Assume a finite population of N units. 

\begin{enumerate}
\item The true values (constants)
$X_1, \dots, X_N$
\item 
Let the sample be of size n $x_1,\dots,x_n$
\item
Population characteristics (examples)
\begin{enumerate}
\item 
Total $X_{tot}=\sum_{i=1}^N X_i$
\item
Mean $\bar{X} = X_{tot}/N$
\item 
Proportion with attribute C
$P=\frac{1}{N}\sum \chi_i$ and $\chi_i = 1$ if -th unit has C, 0 if not.
\item Ratio of two totals or means:

$R=X_{tot}/Y_{tot}$

$\bar{R}=\bar{X}/\bar{Y}$

(e.g., $X_{tot}$ liquid assets in a company and $Y_{tot}$ all assets in a company)

\item Population variance

$S^2= \frac{1}{N-1} \sum (X_i - \bar{X})^2$
\item Sampling fraction: $f = n/N$
\end{enumerate}
\end{enumerate}

Note that we do not try to construct and validate models for $X_i$; these values are fixed. 

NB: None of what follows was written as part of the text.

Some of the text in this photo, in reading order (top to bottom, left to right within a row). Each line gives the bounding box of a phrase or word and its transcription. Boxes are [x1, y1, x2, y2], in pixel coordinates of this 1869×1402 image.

\subsection{Simple random sampling: definitions and properties}

To draw an SRS from a list using random numbers, label each X as $1,\dots, N$, and then draw a random sequence of $n$ numbers, ignoring repeats. There are ${n \choose N}=\frac{N!}{n!(N-n)!}$ ways to choose the \textbf{samples}, and the probability of each sample being draw is $1/{n \choose N}$. 

\underline{Properties}:

\begin{enumerate}
\item
$P(x_i = X_r) = 1/N$ for each i.

Justification:

Suppose that the finite population is $X_1, X_2, X_3, X_4, X_5, X_6, X_7$.

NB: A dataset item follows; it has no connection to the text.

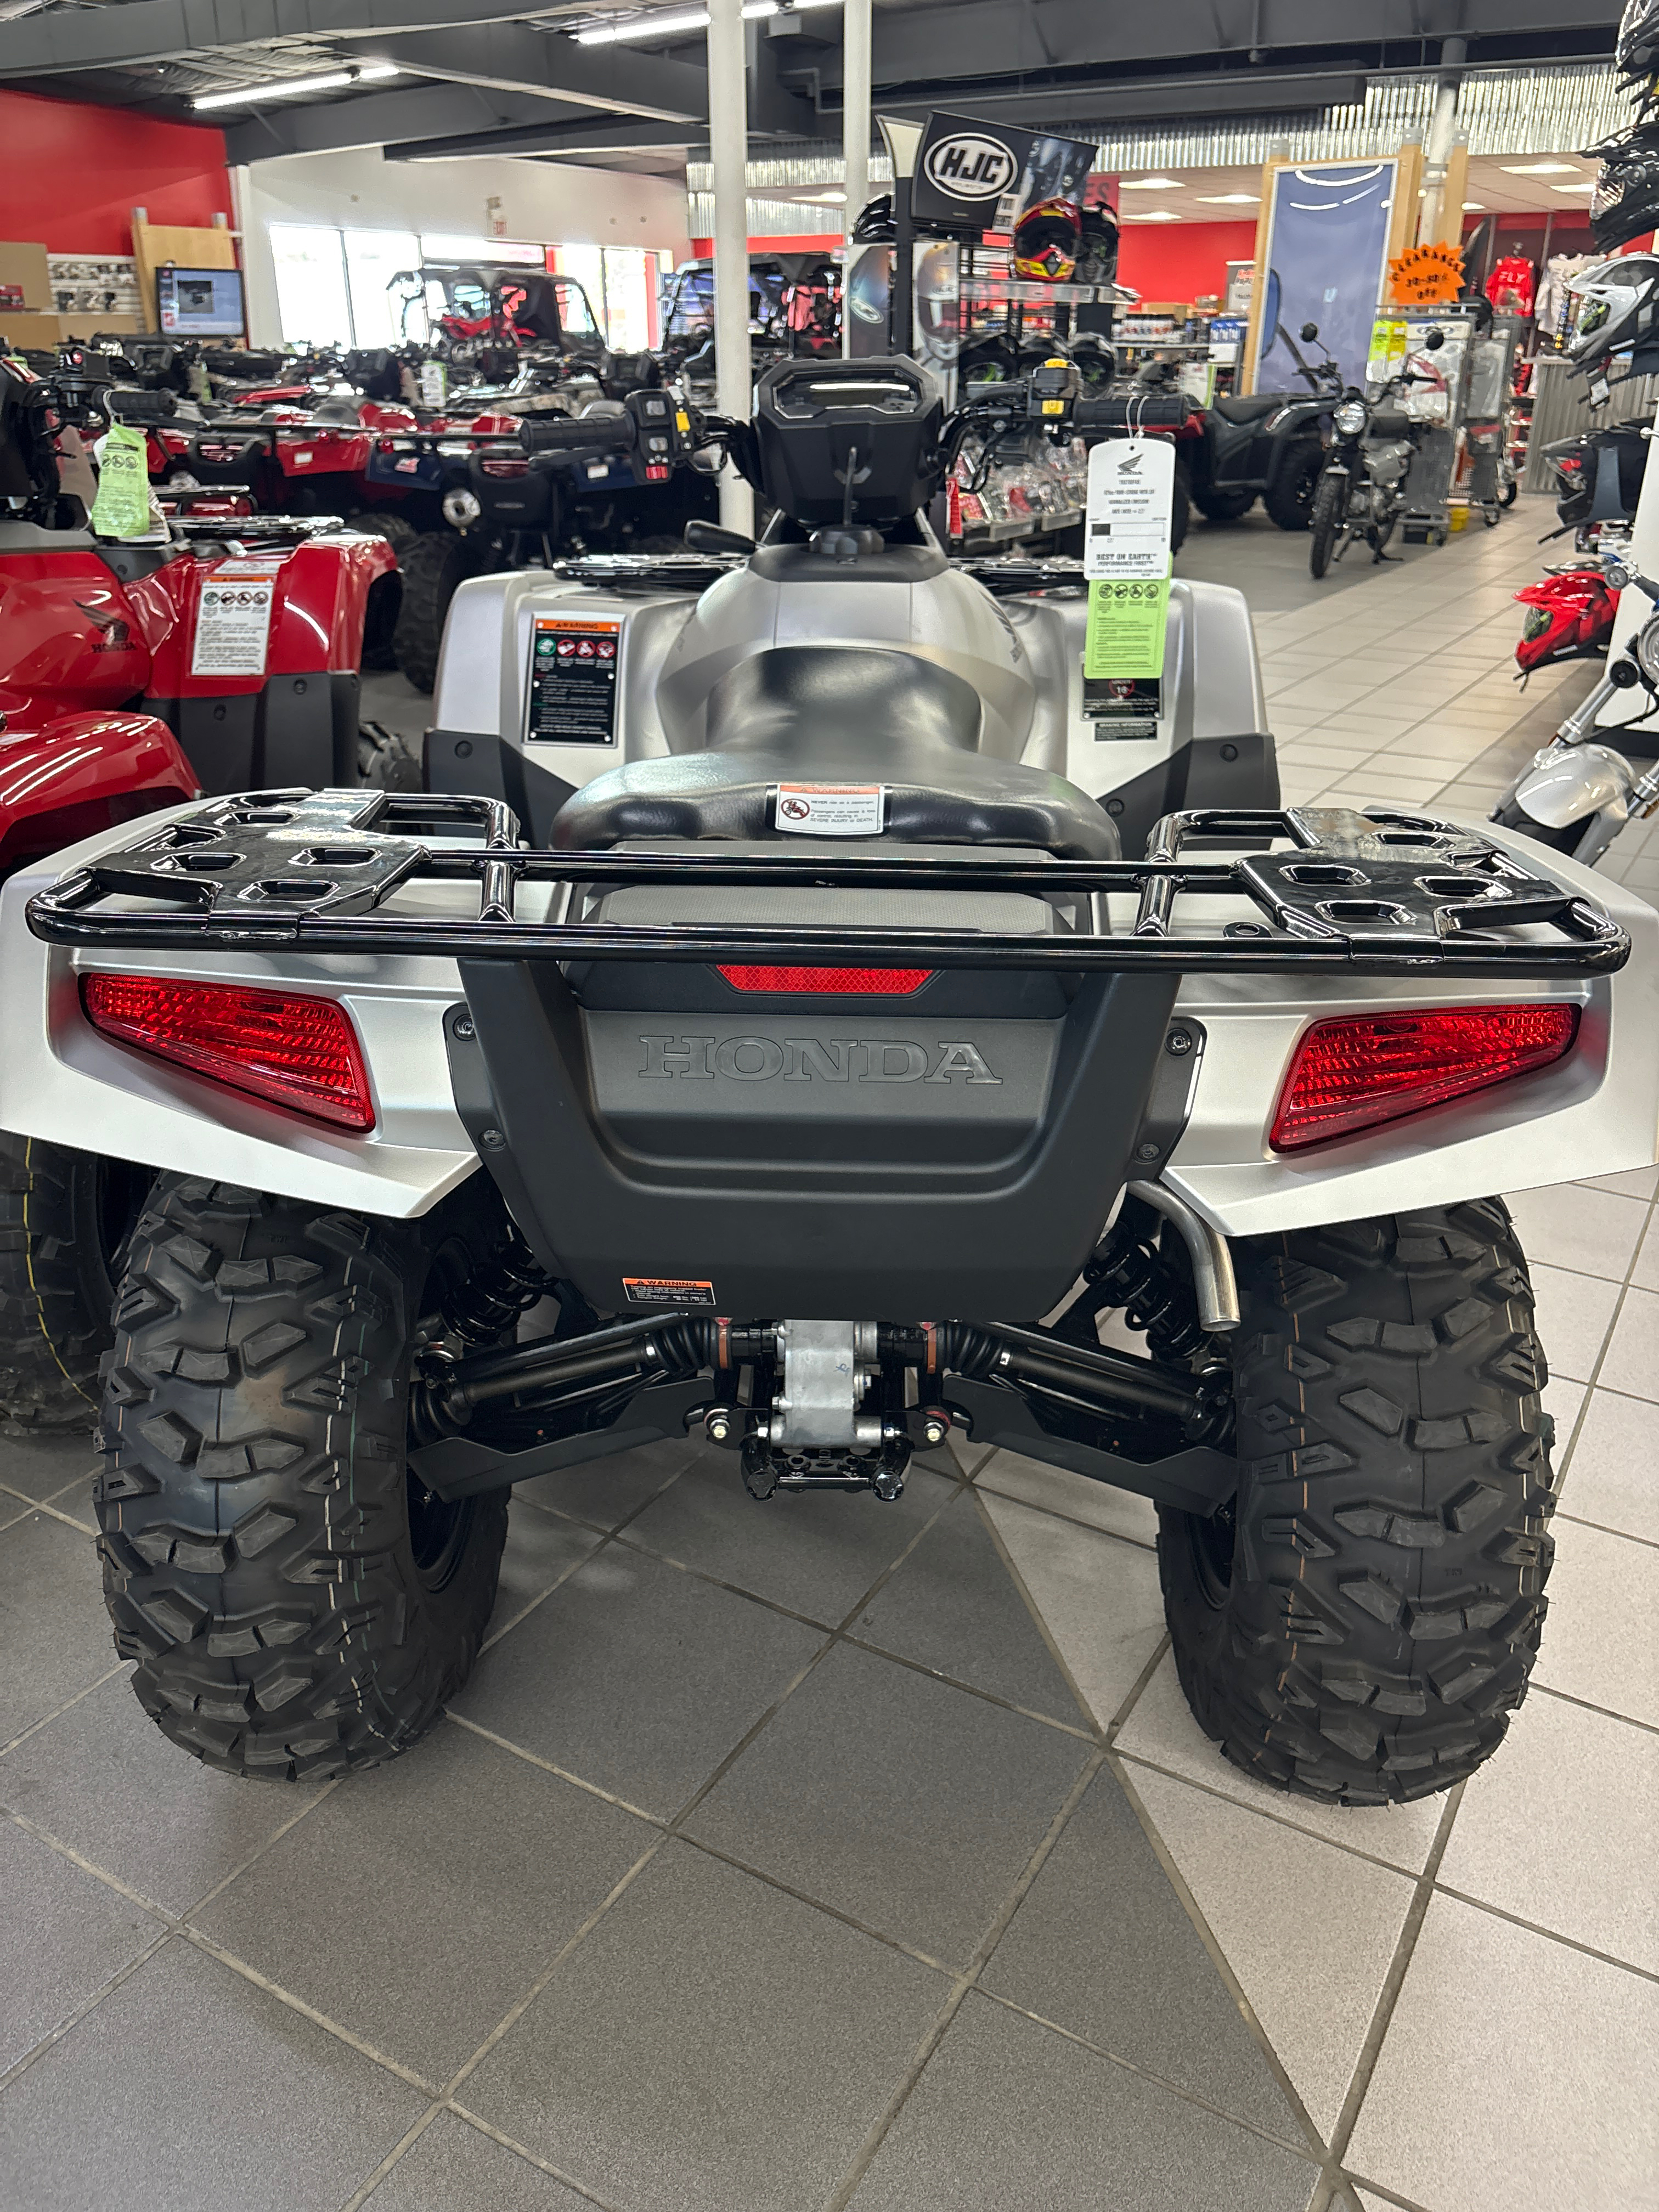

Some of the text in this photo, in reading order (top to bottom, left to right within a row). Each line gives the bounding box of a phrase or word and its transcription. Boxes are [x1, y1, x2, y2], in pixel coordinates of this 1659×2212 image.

[940, 146, 1005, 184] HJC
[1498, 270, 1527, 284] FLY
[638, 1035, 1003, 1085] HONDA

The total no.\ of ordered samples: $7\times 6 \times 5$. 

The total no.\ of ordered samples with $x_2 = X_6$: $6 \times 5$.

\begin{verbatim}
---------------------
| x1      x2     x3 |
---------------------
|     |       |     |
---------------------
\end{verbatim}

$P(x_2 = X_6) = \frac{6 \times 5}{7\times 6 \times 5}=\frac{1}{7}$.

\item 
$E[x_i] = \bar{X}$ for each i.

Justification: Let $x_1, \dots, x_7$ be discrete values. Then

\begin{equation}
\begin{split}
E[x_j] =& \sum_{j=1}^{N} x_i P(x_i = x_j)\\
=& \sum_{j=1}^{N} x_i \frac{1}{N} \\
=& \bar{x}\\
 \end{split}
\end{equation}


\item  $Var(x_i) = (N-1)S^2/N$.

Justification:

Recall that $\sum (x_i - \bar{x})^2 = \sum x_i^2 - N \bar{x}^2$.

\begin{framed}
\begin{equation}
\begin{split}
\sum (x_i - \bar{x})^2 =& \sum (x_i^2 - 2 \bar{x}x_i + \bar{x}^2)\\
=& N\bar{x}^2 + \sum x_i^2 - 2\bar{x} N \bar{x}\\
=& \sum x_i^2 - N\bar{x}^2
\end{split}
\end{equation}
\end{framed}

\begin{equation}
\begin{split}
Var(x_i) =& E[x_i^2] - (E[x_i])^2\\
=& \sum_{j=1}^N x_j^2 p(x_i = x_j) - \bar{x}^2\\
=& \frac{1}{N} \sum_{j=1}^N(x_j^2 - N\bar{x}^2) =  \frac{1}{N} \sum_{j=1}^n(x_i - \bar{x})^2\\
\end{split}
\end{equation}

Recall that $S^2 = \frac{1}{N-1} \sum (x_i - \bar{x})^2$.

$Var(x_i) = \frac{1}{N} \sum_{j=1}^n(x_i - \bar{x})^2 = \frac{(N-1)}{N} S^2$.

\item
The joint probability $P(x_i = X_r, x_j = X_s) = \frac{1}{N(N-1)}$ for $i\neq j$ and $r\neq s$. 

Justification: 

Total no.\ of ordered samples:  $7 \times 6 \times 5$.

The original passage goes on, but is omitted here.